Throughout the wasteful ’80s and ’90s, bathrooms exploded in size. I remember writing about spa baths that were big enough for a massage table or opened into an adjunct spaces containing a StairMaster. The idea was to make the master bath an all-in-one retreat, where a couple could relax and renew body and spirit together.
Shower stalls expanded to include two sets of shower sprays—one overhead, several body sprays, and one handheld for each partner—plus a built-in bench where, presumably, a woman could sit and shave her legs while a man was splashing his way through a vibrating massage shower.
Bathtubs got bigger too, and two was the number that plumbing-product manufacturers were promising: Jacuzzi-style bubble-making in a tub for two. Some of today’s soothing water beauties have music piped in along with built-in, water-shielded TVs, plus the smell of some wonderful blossom or herb as a result of an infusion of aromatherapy.
In talking to couples about their wonderful new bathrooms, I try to learn tactfully if they do actually retreat there together. Some do, particularly when their kids are out or have left the nest. But most say that individual schedules make bathing or even showering together a rarity.
One homeowner whispered to me, “Yeah, we used to take baths together all the time and once we actually, well, did it when we were in there. But the truth is, I’ve gotten kicked in the balls so many times while soaking there with my wife that I try to avoid the experience.”
But, of course, the new master bath is so big that one partner could shower while the other is shaving; one could soak while the other is showering; one could be applying makeup while the other is sitting on the, er …
That brings to mind a question I’ve never asked anyone I interviewed. I always wonder about it, and whenever it crosses my mind, I think back on a guy I knew in college whom I met for a drink right after he got married. After a few, he became quite candid about the so-called period of adjustment that tends to bring a couple down to earth—not always gently—after the honeymoon.

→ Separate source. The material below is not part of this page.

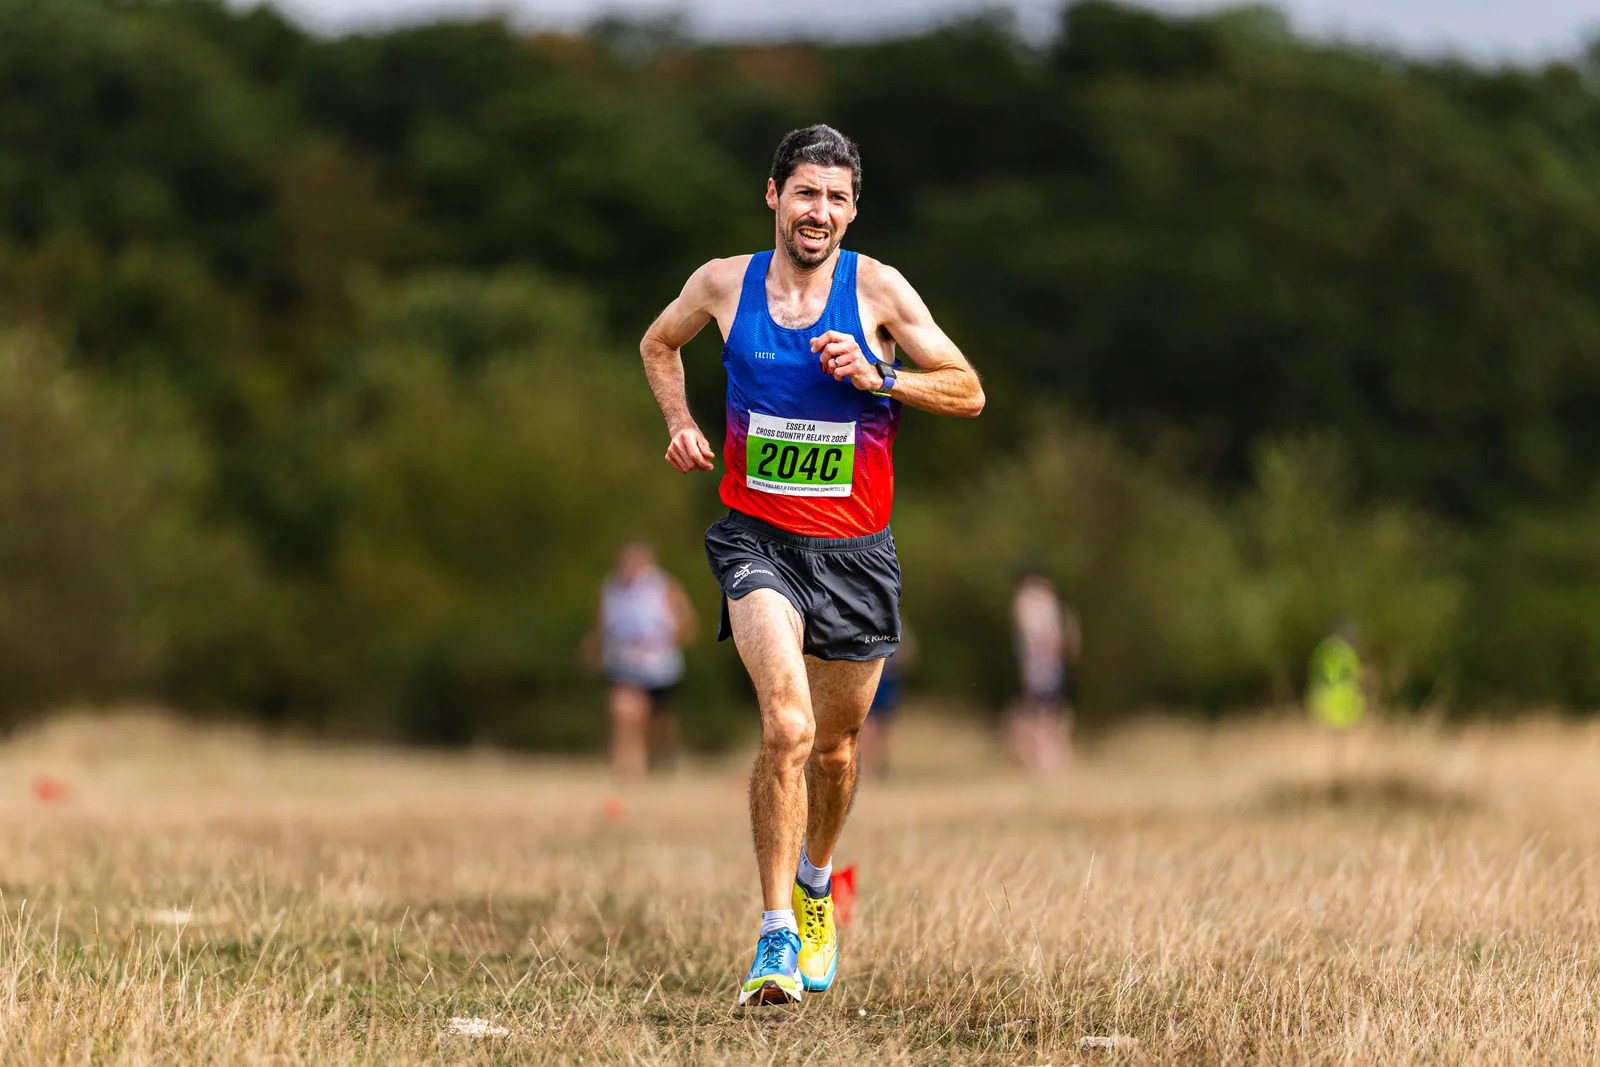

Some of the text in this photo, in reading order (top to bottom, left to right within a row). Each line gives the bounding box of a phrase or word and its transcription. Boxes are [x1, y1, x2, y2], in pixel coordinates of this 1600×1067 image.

This guy was very serious about his marriage and the demands it placed on him and his bride, specifically about the intimate turn each of their lives had taken.
I was bold enough, at one point, to ask if a turning point in their marital relationship occurred when they two of them were able to achieve orgasm simultaneously.

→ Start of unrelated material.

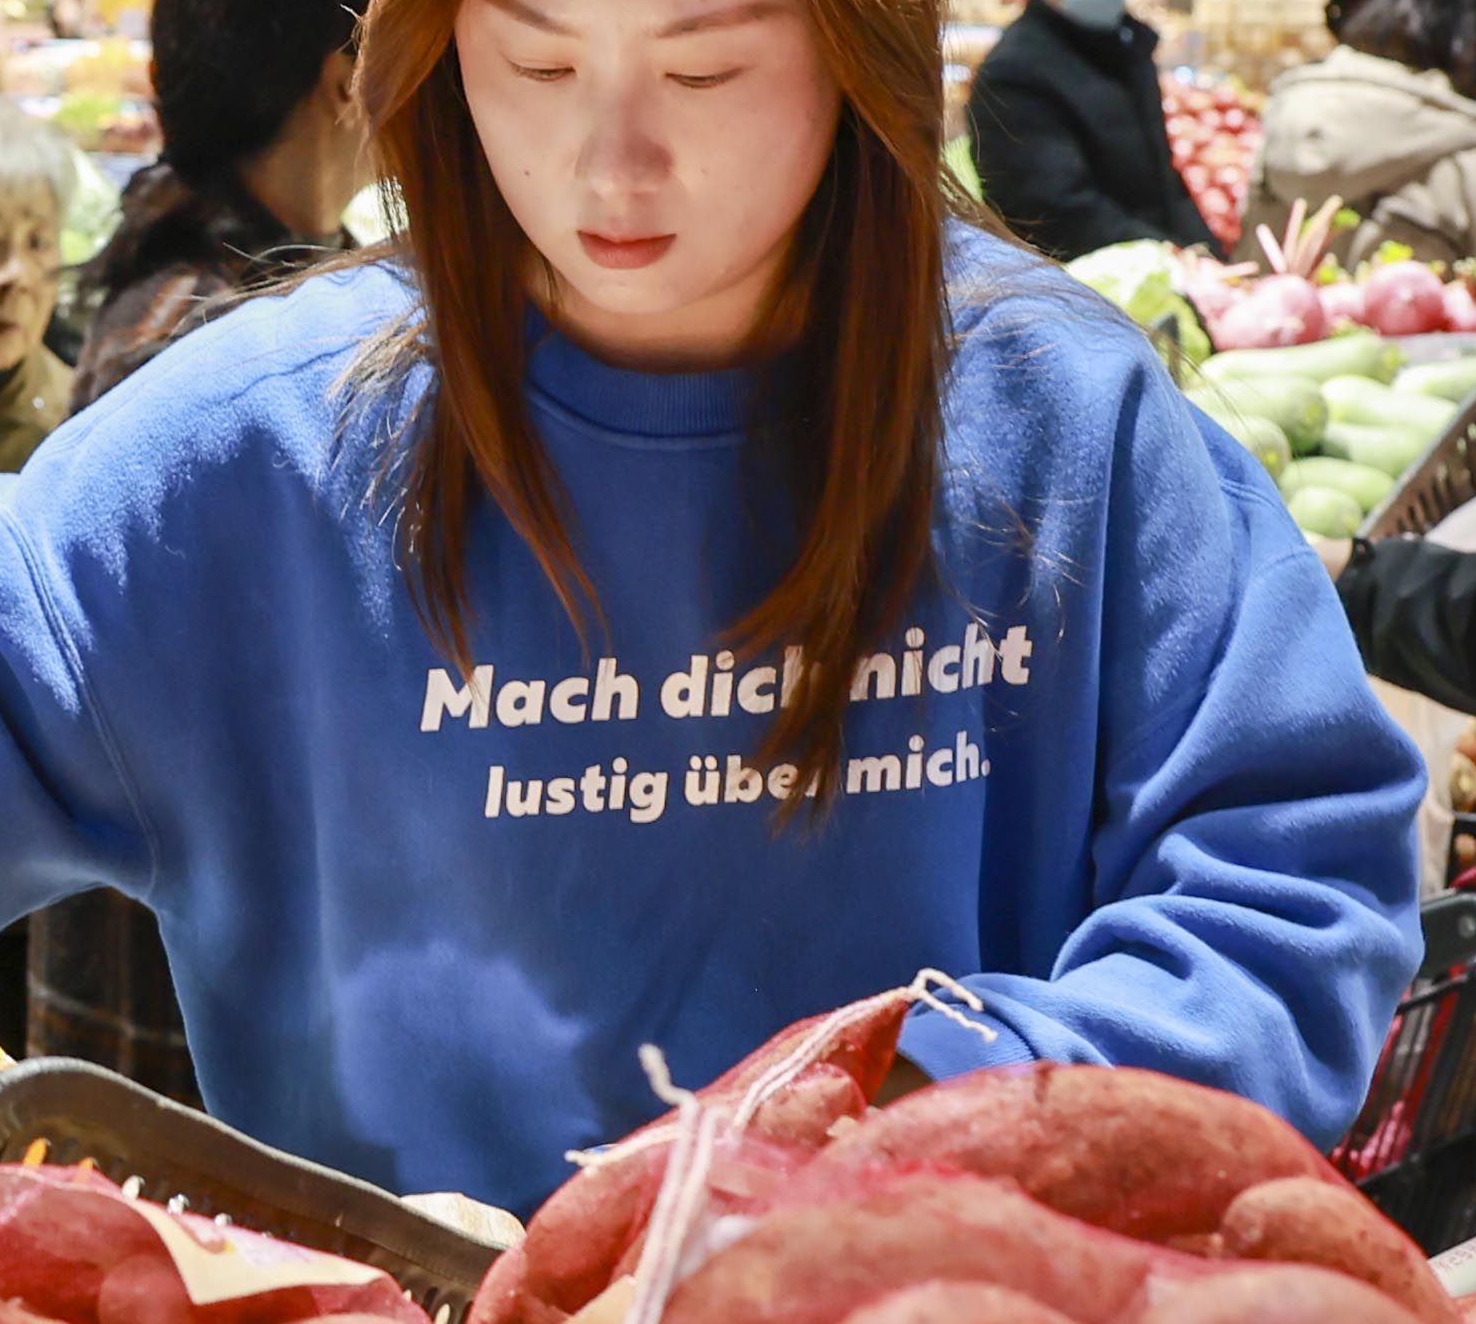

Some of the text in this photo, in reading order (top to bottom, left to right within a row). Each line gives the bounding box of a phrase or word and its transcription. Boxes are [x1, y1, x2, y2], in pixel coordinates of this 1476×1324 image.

[419, 656, 640, 732] Mach
[850, 623, 1033, 702] nicht
[484, 757, 668, 824] lustig
[846, 730, 992, 794] mich.

“Nah,” he said, shaking his head, “we did that all the time. First date, even. She’s a great fuck. Me, too, I guess.”
So? “Well,” he said confidentially, lowering his voice, “I think we crossed a line the day I took a shit while she was in the bathroom brushing her hair.”
Then he went on: “But, the truth is, when I’m sittin’ there, doing my business, I kind of like being alone. And you know what? I think she feels the same way too. When she’s in there, I wait till she comes out. For any couple who live together, a little bit of privacy can go a long way.”
Amen to that.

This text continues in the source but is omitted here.